“Mama, look— that tree is broken!” Eileen cried out, her innocent face lit in alarm. Dana smiled at her daughter. “No, it’s okay. Look: it still has leaves, so it’s still alive.”
“But trees are supposed to stand tall and strong!” Eileen protested. Dana laughed, unable to resist the impulse to hug the child. “Of course! And you know what? That tree is strong, too!”
Eileen stared quizzically at her mother, confused and suspicious. Kissing her child’s forehead, Dana continued. “You see, most trees that fall… well, they die. But this one didn’t.” She paused for a while, and nodded at the direction of the tree. “It lived on, it continued to grow; even though it’s almost kissing the ground, it did not give up being a tree. It doesn’t look like the other trees, but it’s also beautiful the way it is now, isn’t it?”

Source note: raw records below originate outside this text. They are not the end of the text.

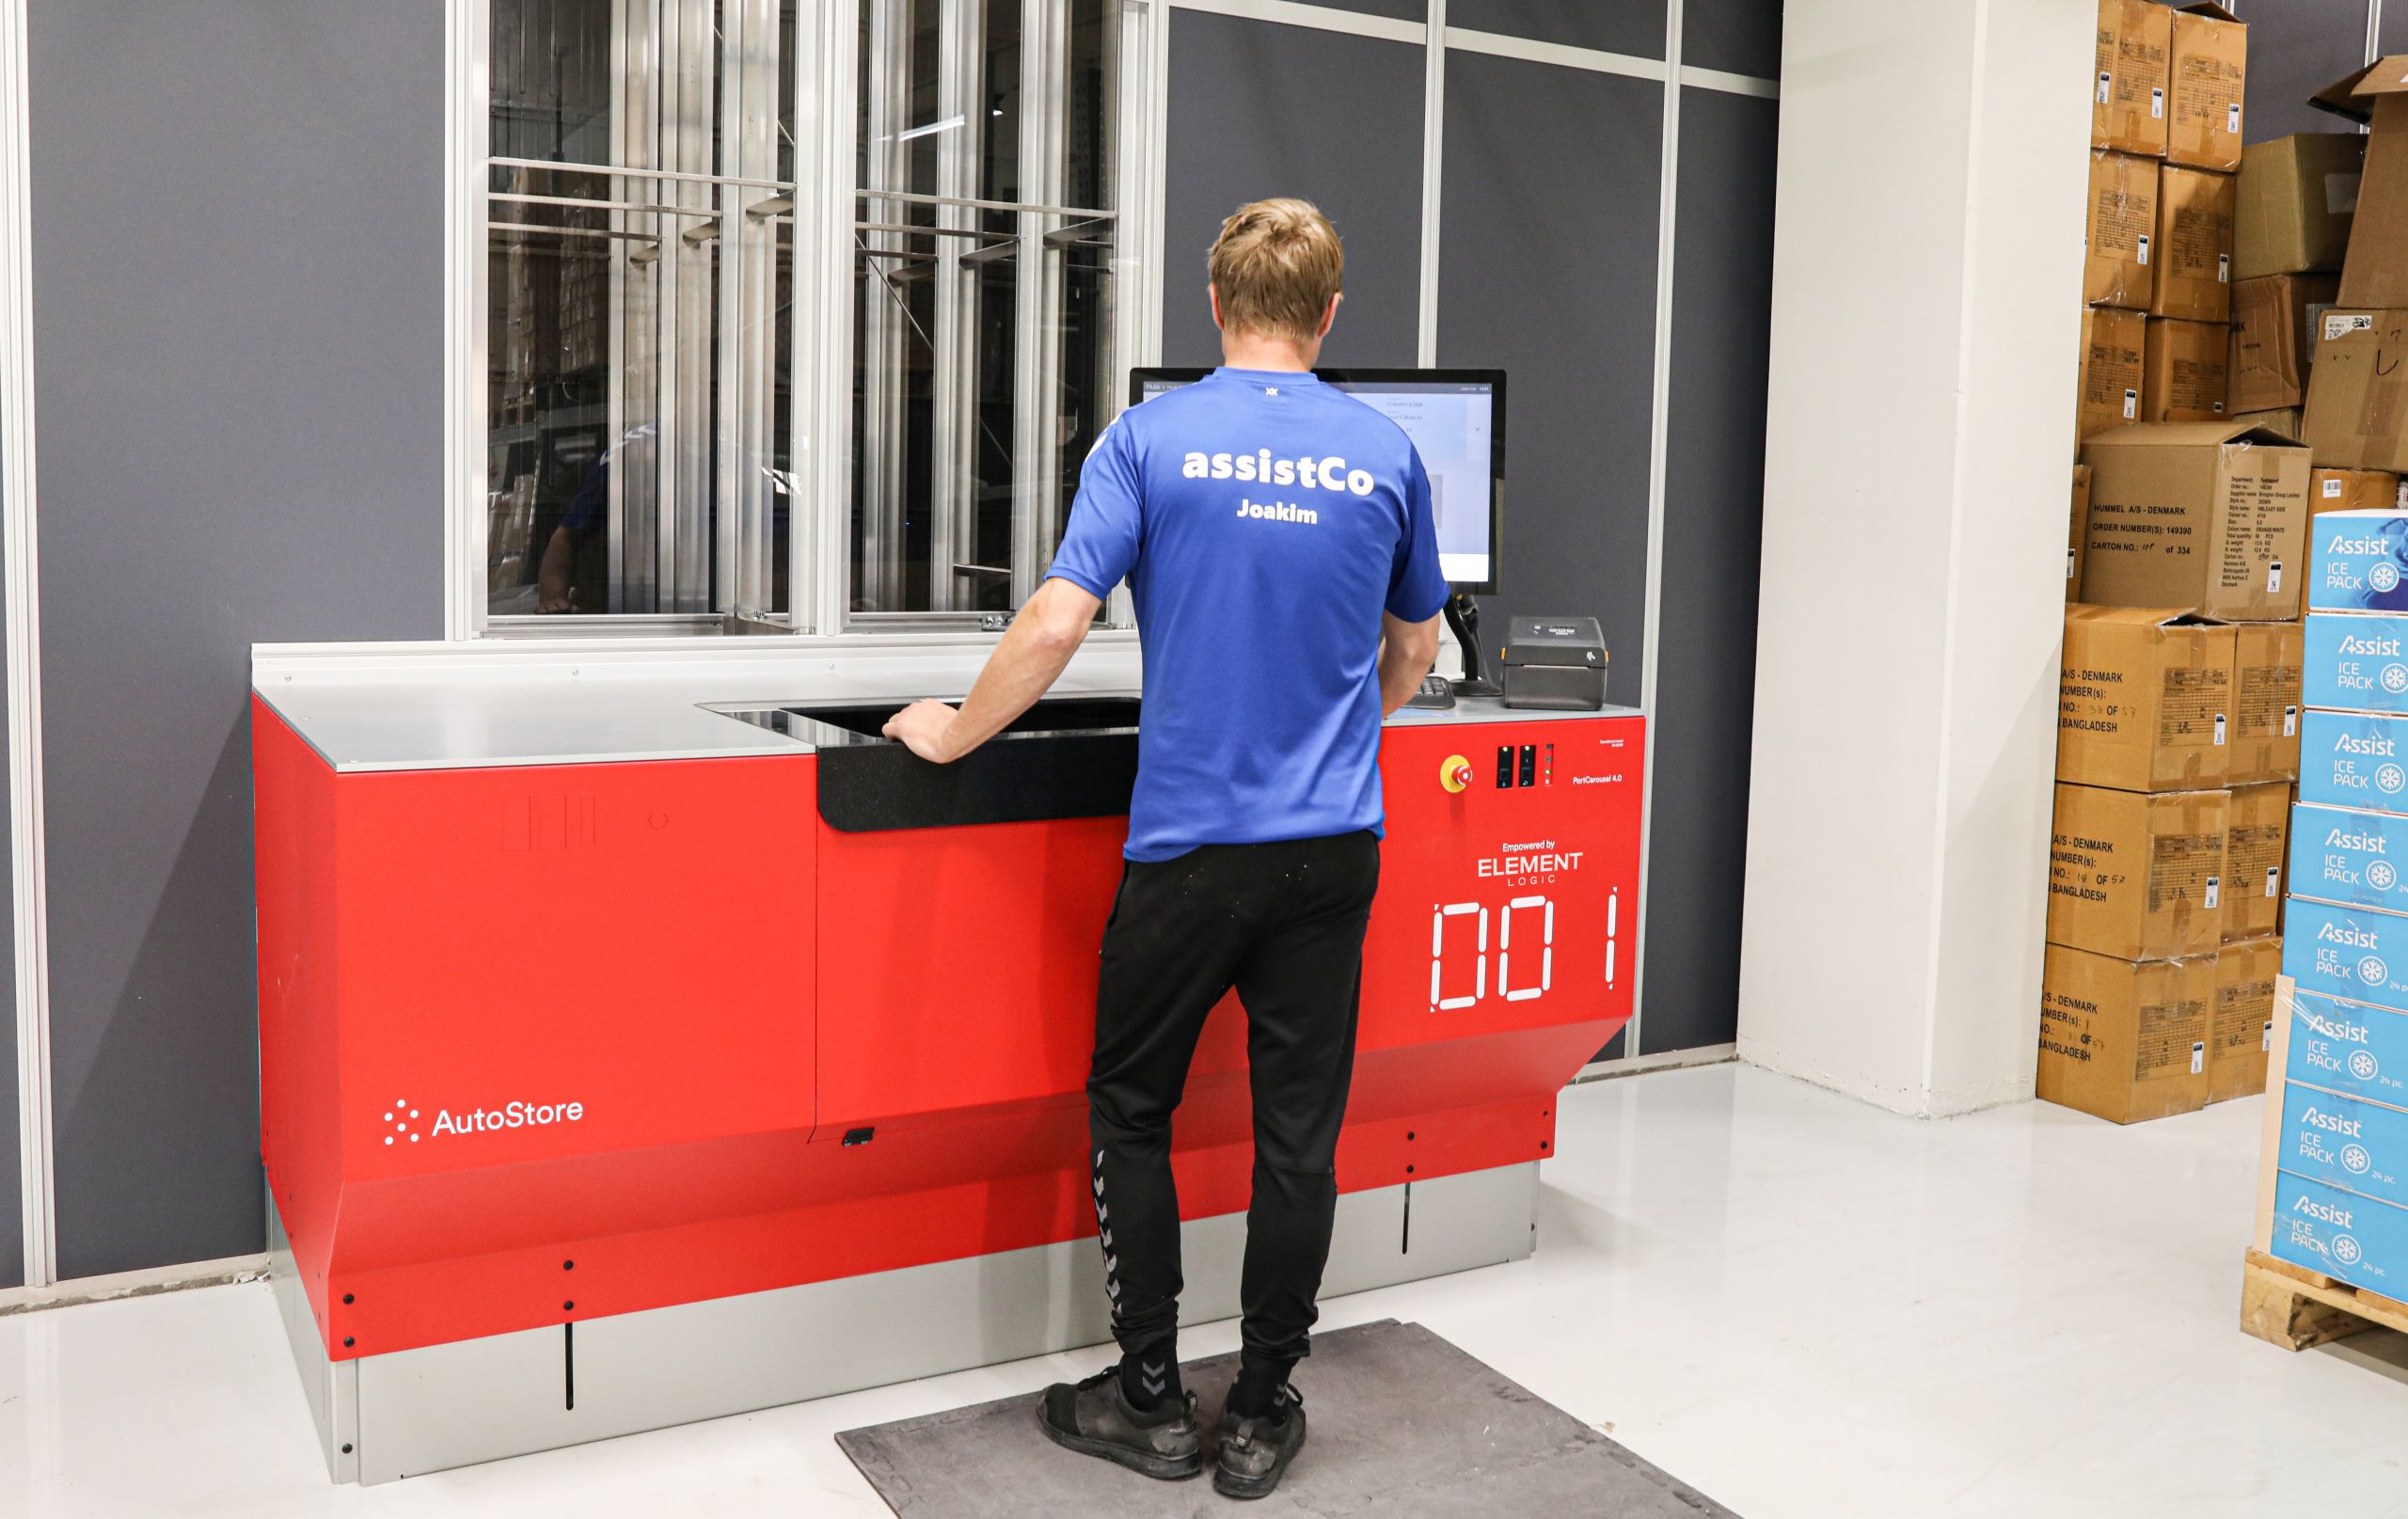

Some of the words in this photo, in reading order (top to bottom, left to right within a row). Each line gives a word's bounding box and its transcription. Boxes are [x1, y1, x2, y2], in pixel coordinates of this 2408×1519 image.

[1182, 448, 1374, 497] assistCo
[1237, 498, 1317, 525] Joakim
[2094, 504, 2125, 514] HUMMEL
[2147, 506, 2186, 515] DENMARK
[2093, 523, 2118, 532] ORDER
[2120, 525, 2163, 535] NUMBER(S):
[2167, 527, 2192, 535] 149390
[2092, 542, 2122, 551] CARTON
[2124, 544, 2139, 552] NO.:
[2327, 534, 2389, 555] Assist
[2327, 562, 2348, 575] ICE
[2327, 576, 2363, 589] PACK
[2338, 635, 2400, 657] Assist
[2062, 670, 2075, 679] A/S
[2083, 670, 2122, 683] DENMARK
[2338, 662, 2360, 675] ICE
[2338, 675, 2374, 690] PACK
[2064, 702, 2080, 713] NO.:
[2107, 705, 2118, 716] OF
[2062, 718, 2117, 733] BANGLADESH
[2335, 734, 2395, 756] Assist
[2335, 760, 2355, 773] ICE
[2334, 773, 2368, 789] PACK
[1502, 840, 1545, 853] Empowered
[1546, 839, 1556, 850] by
[2053, 835, 2067, 846] A/S
[2073, 837, 2113, 853] DENMARK
[2325, 828, 2385, 854] Assist
[1478, 852, 1584, 877] ELEMENT
[2325, 854, 2346, 869] ICE
[1507, 875, 1556, 887] LOGIC
[2054, 867, 2069, 879] NO.:
[2096, 875, 2108, 885] OF
[2324, 867, 2359, 884] PACK
[2052, 883, 2107, 902] BANGLADESH
[2318, 922, 2378, 950] Assist
[2318, 948, 2338, 963] ICE
[2316, 961, 2352, 978] PACK
[2389, 980, 2400, 989] 24
[2058, 995, 2098, 1014] DENMARK
[2308, 1015, 2368, 1044] Assist
[2081, 1033, 2092, 1044] OF
[2308, 1039, 2329, 1055] ICE
[2306, 1052, 2342, 1072] PACK
[2380, 1075, 2389, 1085] 24
[432, 1101, 583, 1136] AutoStore
[2301, 1106, 2362, 1139] Assist
[2301, 1131, 2321, 1147] ICE
[2299, 1144, 2335, 1164] PACK
[2372, 1170, 2383, 1180] 24
[2293, 1195, 2353, 1229] Assist
[2292, 1219, 2313, 1236] ICE
[2291, 1232, 2328, 1256] PACK
[2363, 1262, 2373, 1272] 24

Eileen was listening to what her mother said, but not her words; no, she was listening at how her voice changed: in rhythm, in loudness, in emotions. It was like listening to the rustling of leaves when the summer winds blow, but hearing the crackle of each leaf as it breaks away from the branches, tumbling in the breeze and onto the grass. And Eileen heard it: those catches in her breath as she choked back some words, how she sounded more happy when her voice is almost like a whisper, and how she looked tormented when she uttered brave words.
And Eileen, young as she was, understood in her own childlike way: why the broken tree meant so much to her mother, and why they always visited this place— long after they last came here together with her father, now planted on the ground. Will he become a tree, too? she asked. Her mother was too busy crying to reply then.
And now, Dana was too busy trying not to be broken again.